We associate office politics with big corporations and hand-to-hand combat with marriages. But take the worst of both worlds, and we find ourselves in the middle of The Lazzara Quartet. These 4 string players struggle with artistic and financial direction, fight schoolyard battles with no 3rd grade teacher to moderate, and suffer painful personal attacks with no opportunity for make-up sex. We meet them as they teeter on the brink of success while seeking a replacement player for the unstable and recently fired Dorian (T. Robert Pigott). He was lover to bossy Elliot (David Karl Lee), but this sort of intergroup romance is always a bad idea. Dorian saw music no one else could, and perhaps his genius was worth his undependability, but replacement Grace (Meagan English) just might be his equal, and you won’t have to worry about her missing a dose of Lithium. Calm and collected Alan (C. S. Lee) books the group into the White House and a full 25 minutes of fame, but they have one week to rehearse and their 4th member Carl (Nowicki), has a touch of cancer bugging him. This should be one impressive concert, at least backstage.

“Opus” appeared in last year’ PlayFest as a workshop, and while this version lack major script changes, it feels tighter and slicker. The cast packs some real star power, with the PlayFest special Guest C. S. Lee in the lead role as a skeptical and detached musician, fed up with his quartet fellows and wishing they could leave their personal problems outside. Pigott bubbles along, always showing the bright, positive face of manic depression, but you’ll wonder what he saw in David Lee’s prissy and bossy Elliot. Grace and Alan make for a more believable chemistry, even as the specter of another inter band romance haunts the quartet. Nowicki’s wild hair and flustered parent persona gives him the look and feel of a prophet wandering the desert, seeking to redeem the rest of the cast from everything that leads to apostasy from gospels of Bartok and Beethoven.
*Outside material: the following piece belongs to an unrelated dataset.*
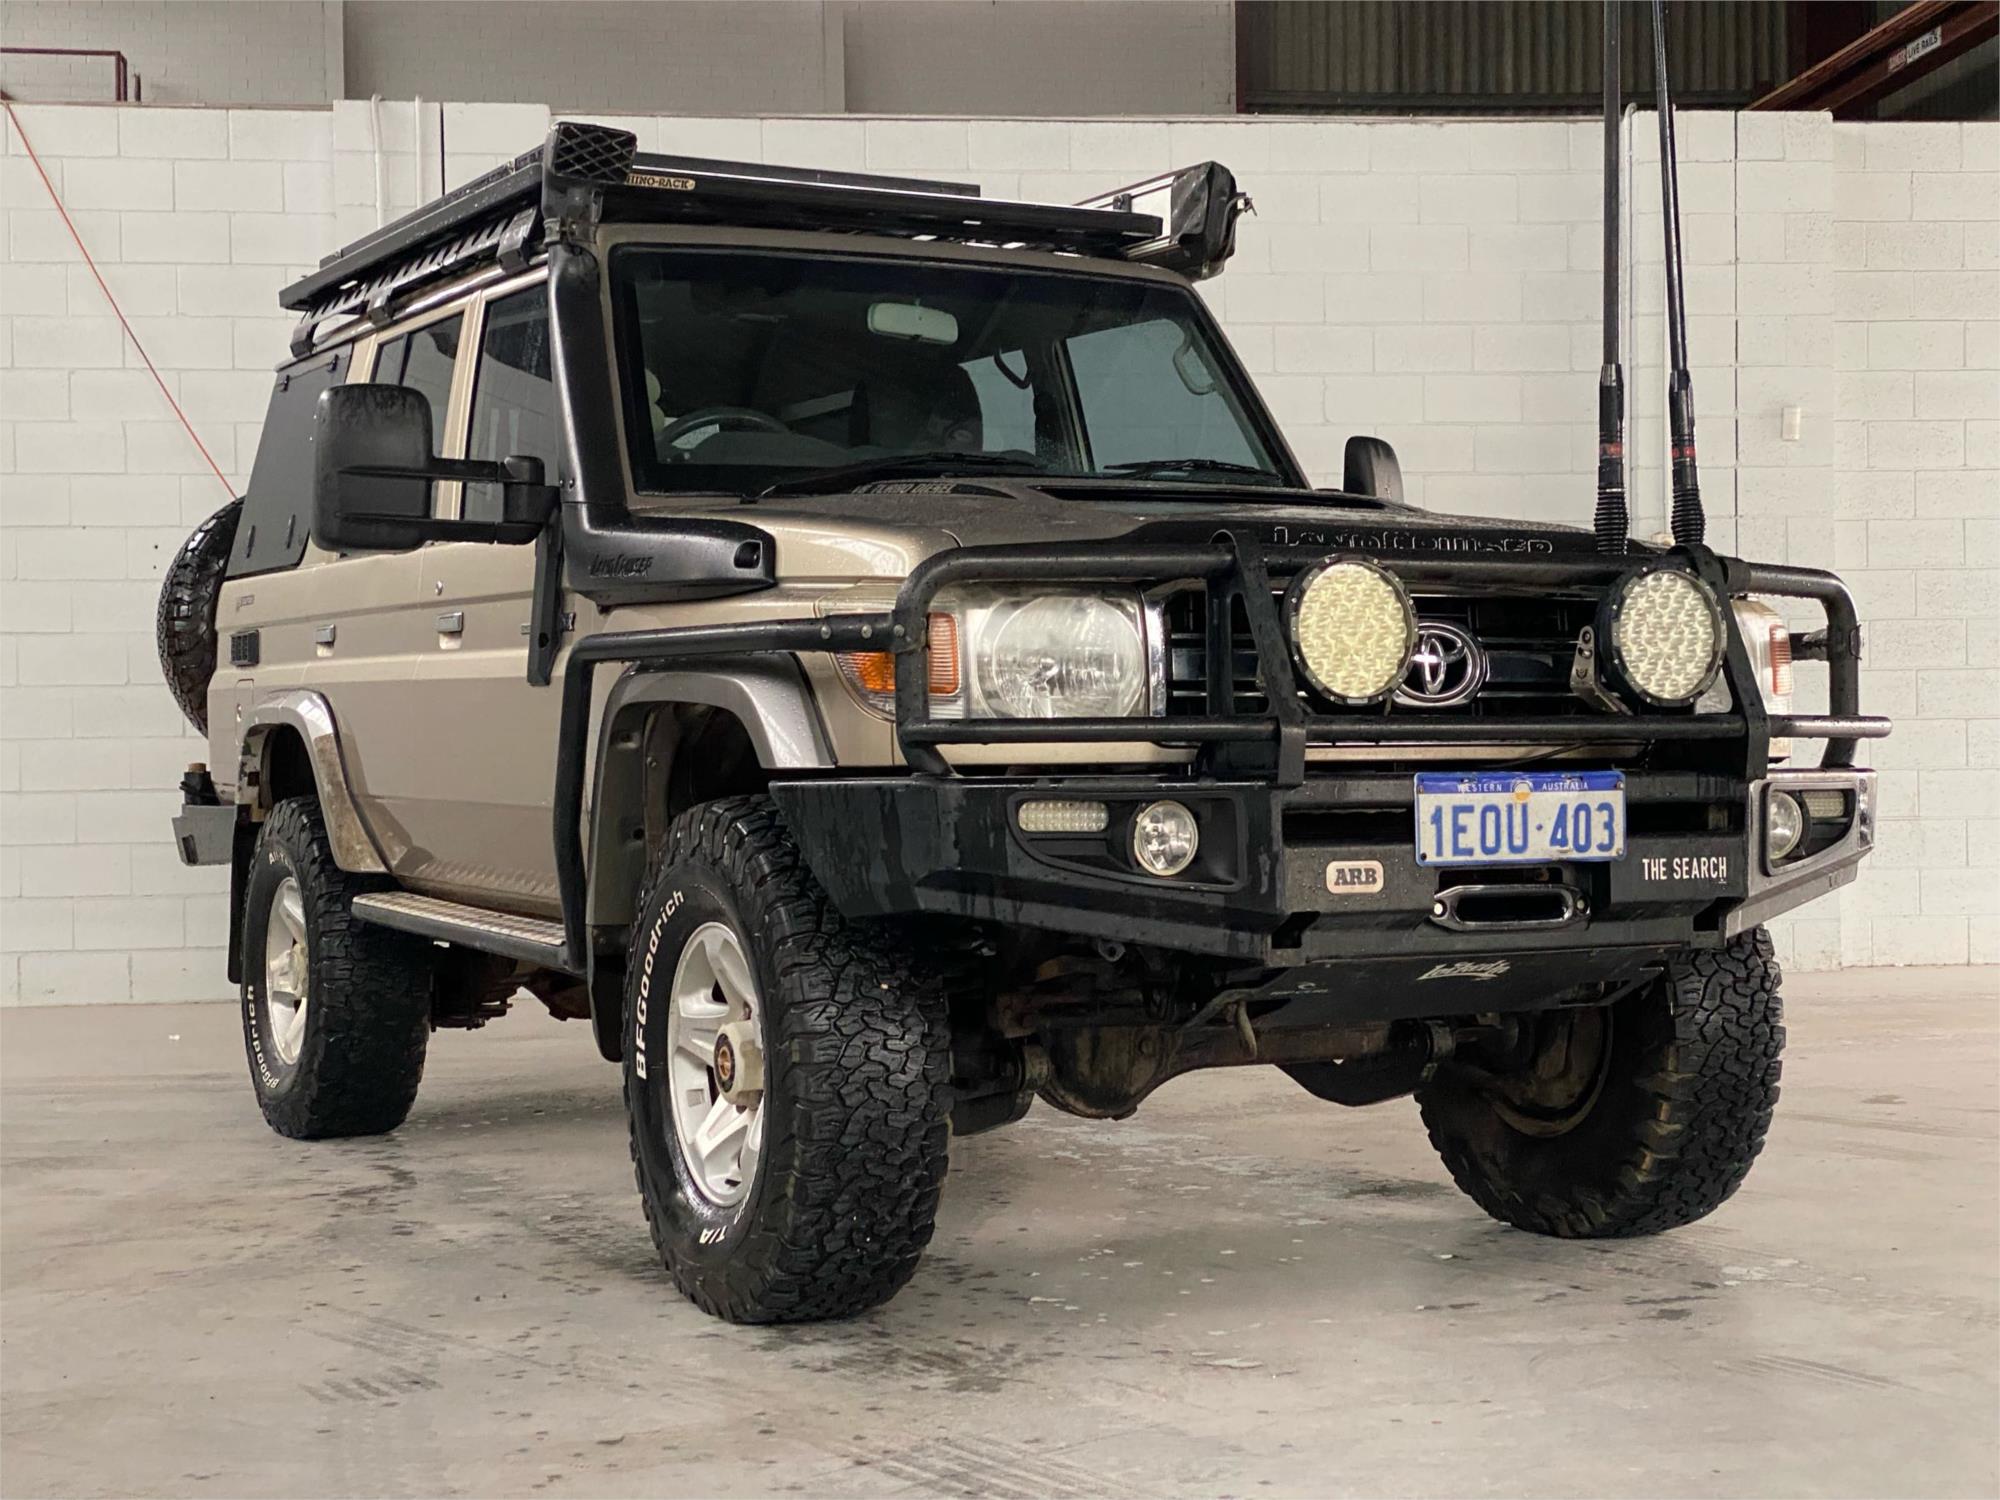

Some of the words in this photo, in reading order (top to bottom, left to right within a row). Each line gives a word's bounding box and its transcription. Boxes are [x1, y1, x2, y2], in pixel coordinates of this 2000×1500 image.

There’s a smooth soundtrack of Lazzara strings supporting the cast as they constantly prodding each other about minor errors in playing. Director Routhier assures me those errors are real, but they are so minor it takes a much better ear than mine to hear them. Fortunately, this cast MAKES me believe I can, and that’s more than enough. “Opus” immerses you in highest levels of musicianship, but keeps the problems right down here with us mortals. It’s theater at its finest.